Cuando el teatro no pide permiso
Lo que propone TIA con este reestreno no es solo recuperar un texto. Es reivindicar una forma de hacer teatro que hoy no abunda: una que no se preocupa demasiado por agradar, que no mide cada palabra con miedo a incomodar y que confía en la inteligencia del espectador.
Porque “Sueño y defensa del ojo del culo” no es una obra para todos los públicos en el sentido más complaciente del término. Exige entrar en su código, aceptar sus reglas y dejarse llevar por una lógica que, en ocasiones, bordea el absurdo. Pero precisamente por eso funciona: porque no se rebaja, porque no se explica más de la cuenta y porque no subestima a quien la mira.
En un panorama donde muchas propuestas buscan el consenso rápido, esta pieza apuesta por lo contrario: por el riesgo, por la ironía sin filtro y por un humor que, bajo su apariencia escatológica, esconde una mirada bastante lúcida sobre la moral, el lenguaje y la libertad expresiva.

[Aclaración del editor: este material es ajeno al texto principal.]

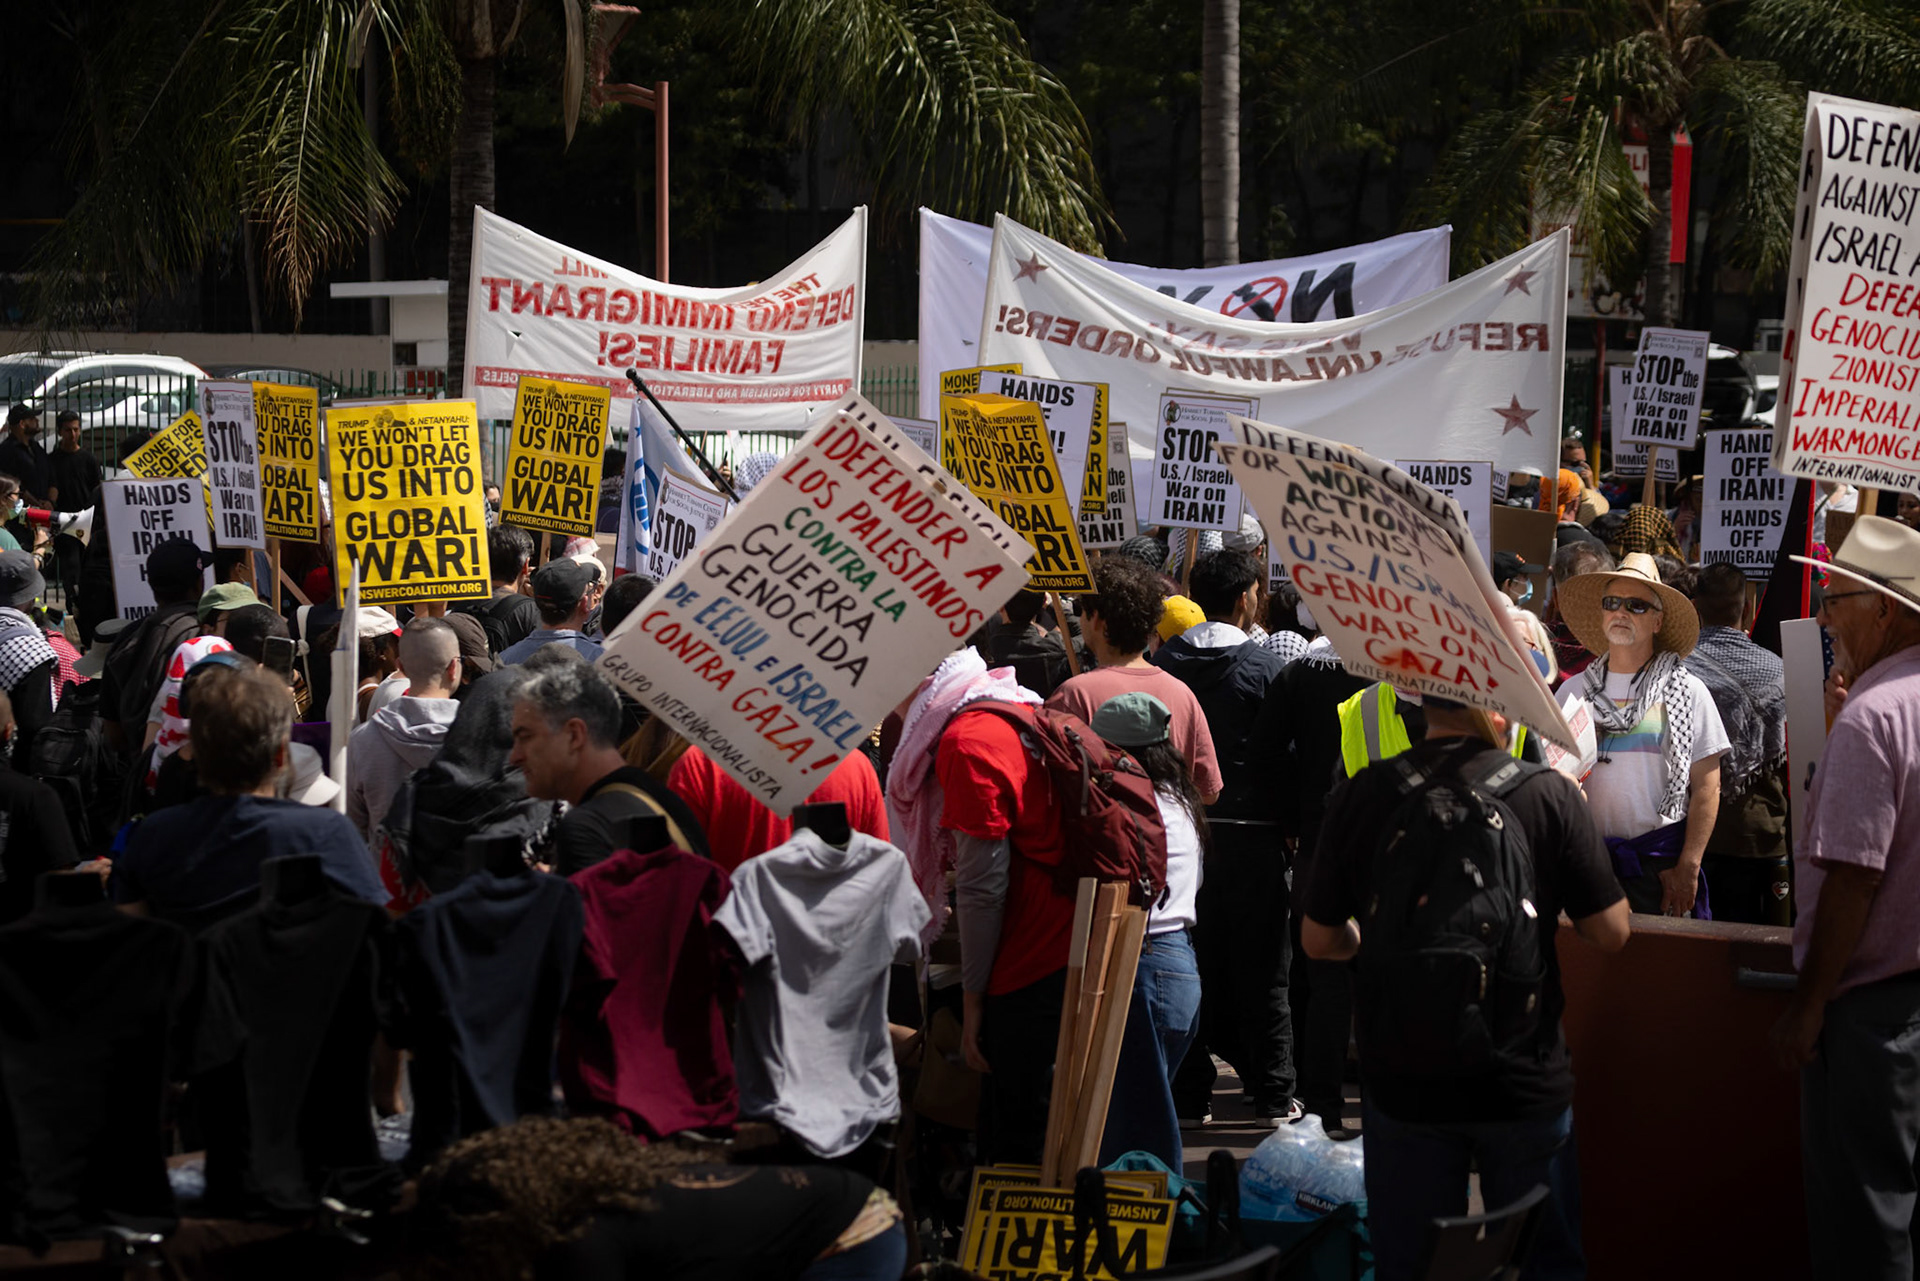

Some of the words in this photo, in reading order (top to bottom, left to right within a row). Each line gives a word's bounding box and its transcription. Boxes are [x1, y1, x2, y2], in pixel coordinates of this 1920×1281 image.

Al final, lo que queda es la sensación de haber asistido a algo poco habitual: una obra que se ríe de todo. incluida ella misma. y que, en ese ejercicio de irreverencia, acaba diciendo más de lo que parece. Porque quizá de eso iba todo desde el principio: de demostrar que incluso lo más incómodo puede convertirse en materia teatral si se tiene el valor, y el talento, de defenderlo.